Mariah Reodica - The Philippine Star
A Triumph For Visayas
The massive Civic Center was turned into a space filled with grand installations. Here, ’’D’Stryker: After Yolanda’’ by Diokno Pasilan and ’’Habal–habal’’ by Skylab.
Photo by KIKO NUÑEZ

The 15th VIVA EXCON proves it’s an integral paltfrom for Visayan art.

MANILA, Philippines — The Hiligaynon rap battle was in full swing. On a turtle-shaped stage flanked by stacked speakers, some of the Capiznon’s finest were freestyling in front of a packed crowd. Right across the stage was the Panay River that runs through the heart of Roxas, Capiz. I could only understand fragments of it: shots at the government and each other, along with certain slang that I had picked up over the few days I had been in the city — and I was still reeling from Budoy Kilat’s budots rendition of Psycho Killer by Talking Heads.

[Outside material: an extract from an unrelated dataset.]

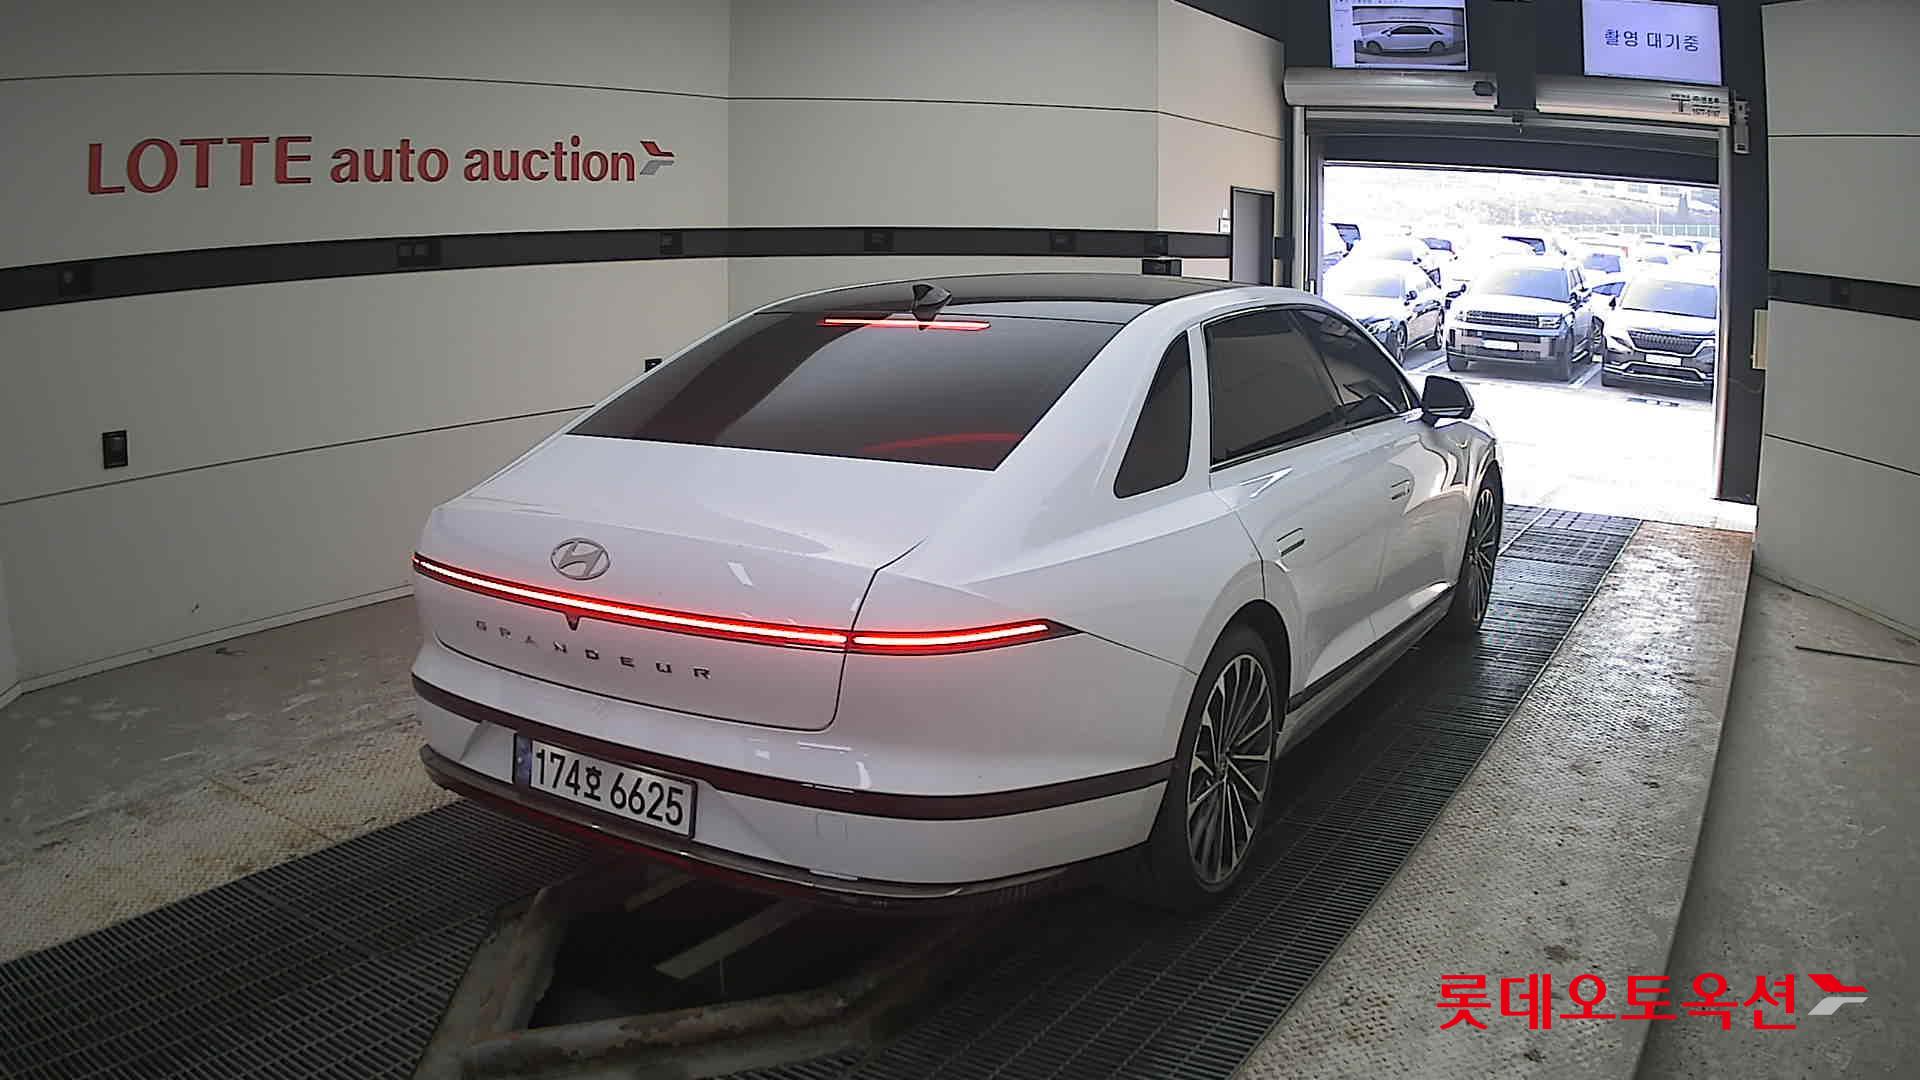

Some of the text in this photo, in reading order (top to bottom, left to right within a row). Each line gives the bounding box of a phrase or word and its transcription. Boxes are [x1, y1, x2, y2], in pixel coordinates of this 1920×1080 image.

The duration of the 15th VIVA EXCON, or the Visayas Islands Visual Arts Exhibition and Conference, was a blur of performances, talks and wildly diverse and dynamic art by people across our archipelago. It’s also the longest-running biennial in the Philippines, taking place in different Visayan cities each time. This year, it was attended by over 400 artists, curators and attendees from Visayas, the rest of the Philippines, and abroad.

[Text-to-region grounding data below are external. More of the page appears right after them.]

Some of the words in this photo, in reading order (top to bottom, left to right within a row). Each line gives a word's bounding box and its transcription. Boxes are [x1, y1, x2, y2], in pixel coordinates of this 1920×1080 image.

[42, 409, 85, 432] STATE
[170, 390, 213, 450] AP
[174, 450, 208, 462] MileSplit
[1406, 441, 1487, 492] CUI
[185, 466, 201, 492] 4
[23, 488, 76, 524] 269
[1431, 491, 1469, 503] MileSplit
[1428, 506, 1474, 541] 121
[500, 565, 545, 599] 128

The expansive exhibition spanned the heart of Roxas City. The massive Civic Center housing a basketball court and a stage was turned into a space filled with grand installations. At one end was a massive skeleton of a salvaged fishing vessel housing suspended neon orange lifejackets, while a Santiago Bose sat on the barracks. There was a church depicted in soil on a massive installation of cloth stretched taut between bamboo poles, towering over the audience. Lining two of the court’s perimeter walls was an exhibit, “Dagat Kag Dagway (Seascapes and Horizons),” aligning dozens of paintings of the sea by Visayan artists according to their horizon. The nearby Ang Panubli-on Museum featured traditional-style work by artist-mentors from the Art Association of Capiz, the province’s longest-running art group, whose tutelage has helped Capiz flourish.

The show also spilled out onto the streets. Abút: Paseo Project, curated by Load na Dito and StreetKonect, took over a narrow alley lined with vendors, where Roxas street art and graffiti stood beside burger stalls and craft stores. On the facade of the Roxas City Hall, the submerged processioners of Martha Atienza’s video installation “Our Islands 11°16’58.4 N 123°45’07.0 E” illuminated the wide town plaza.

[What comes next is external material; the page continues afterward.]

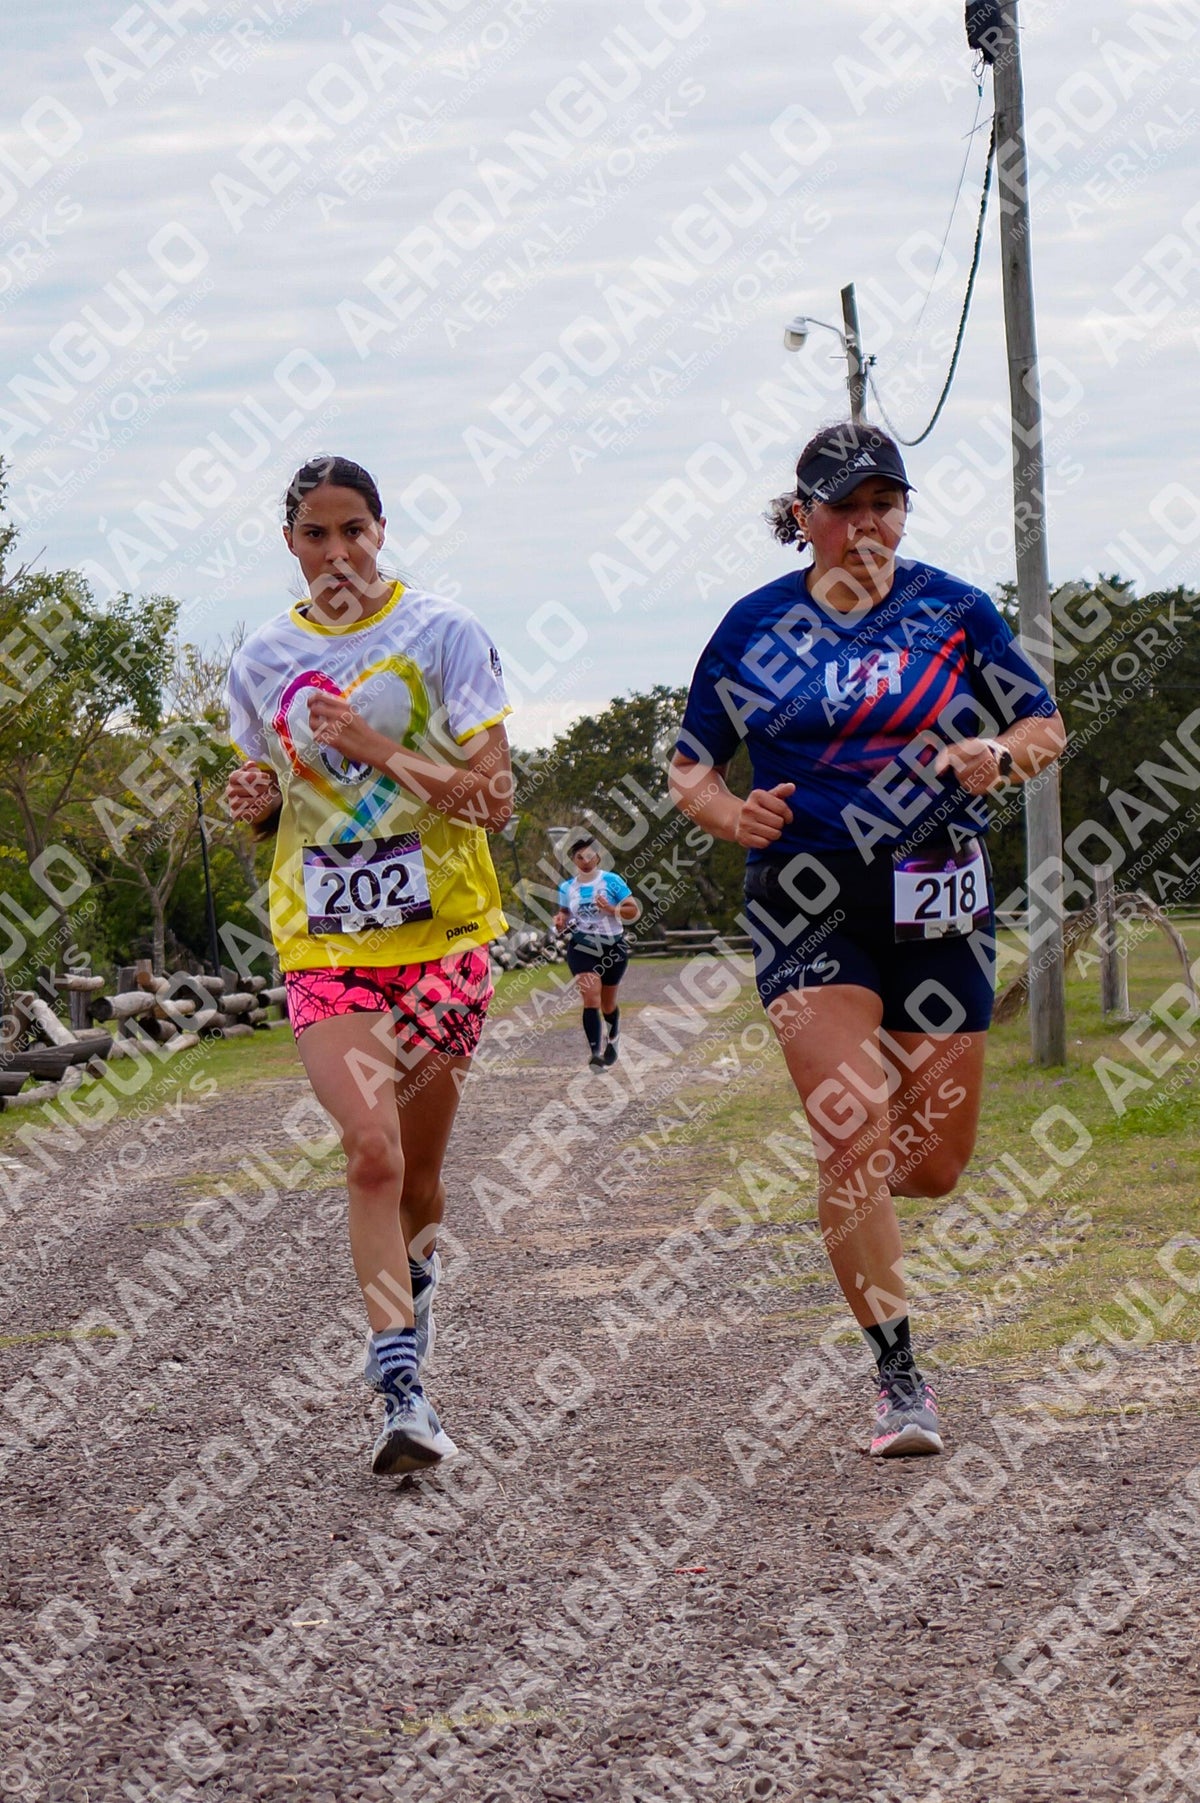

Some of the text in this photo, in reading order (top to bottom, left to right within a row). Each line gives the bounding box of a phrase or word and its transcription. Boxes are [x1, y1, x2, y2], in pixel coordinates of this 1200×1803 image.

[320, 863, 415, 915] 202
[914, 870, 976, 921] 218
[446, 921, 480, 942] panda

VIVA EXCON also premiered Kidlat Tahimik’s new film Lakaran ni Kabunyan, a narrative about Tahimik’s son Kabunyan de Guia on the road from Baguio, through Visayas and down to Samal.

VIVA EXCON in itself is an act of decentralization: not just of the western world, but of Manila as the center of the art practice in the Philippines. A pitfall of a number of exhibitions in Manila is to situate the capital as “world-class” or “international,” whereby the desire to catch the eye of the global art world overshadows nurturing our own backyard. While the conference had a considerable number of foreign attendees, what emerges is a sense of confidence that VIVA EXCON knows what it’s about, and who it’s for: Visayans, artists, and Visayan artists.

The region’s tradition is rich and runs back through generations, but certain predicaments are still undeniably tangible. Even late in the evenings after the parties, Visayan artists from emerging youth to veterans shared concerns such as access to the market, exhibition spaces and basic resources such as materials. Manila, cutthroat as it is, touts itself as a conduit to collectors and the rest of the art world, but how can one even breach the capital when geographic distance presents such a big obstacle? Then again, that’s assuming that Manila is the only path —which it isn’t.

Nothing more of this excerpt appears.